Your objective: What is needed is an exact copy of every entry below.

▬▬▬▬▬▬

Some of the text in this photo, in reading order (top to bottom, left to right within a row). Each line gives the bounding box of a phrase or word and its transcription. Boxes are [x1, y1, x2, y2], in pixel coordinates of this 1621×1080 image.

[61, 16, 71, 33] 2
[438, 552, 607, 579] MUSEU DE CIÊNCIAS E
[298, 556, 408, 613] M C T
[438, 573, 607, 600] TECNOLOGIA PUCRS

▬▬▬▬▬▬

Solution for this problem:
Some of the text in this photo, in reading order (top to bottom, left to right within a row). Each line gives the bounding box of a phrase or word and its transcription. Boxes are [x1, y1, x2, y2], in pixel coordinates of this 1621×1080 image.

[61, 16, 71, 33] 2
[438, 552, 607, 579] MUSEU DE CIÊNCIAS E
[298, 556, 408, 613] M C T
[438, 573, 607, 600] TECNOLOGIA PUCRS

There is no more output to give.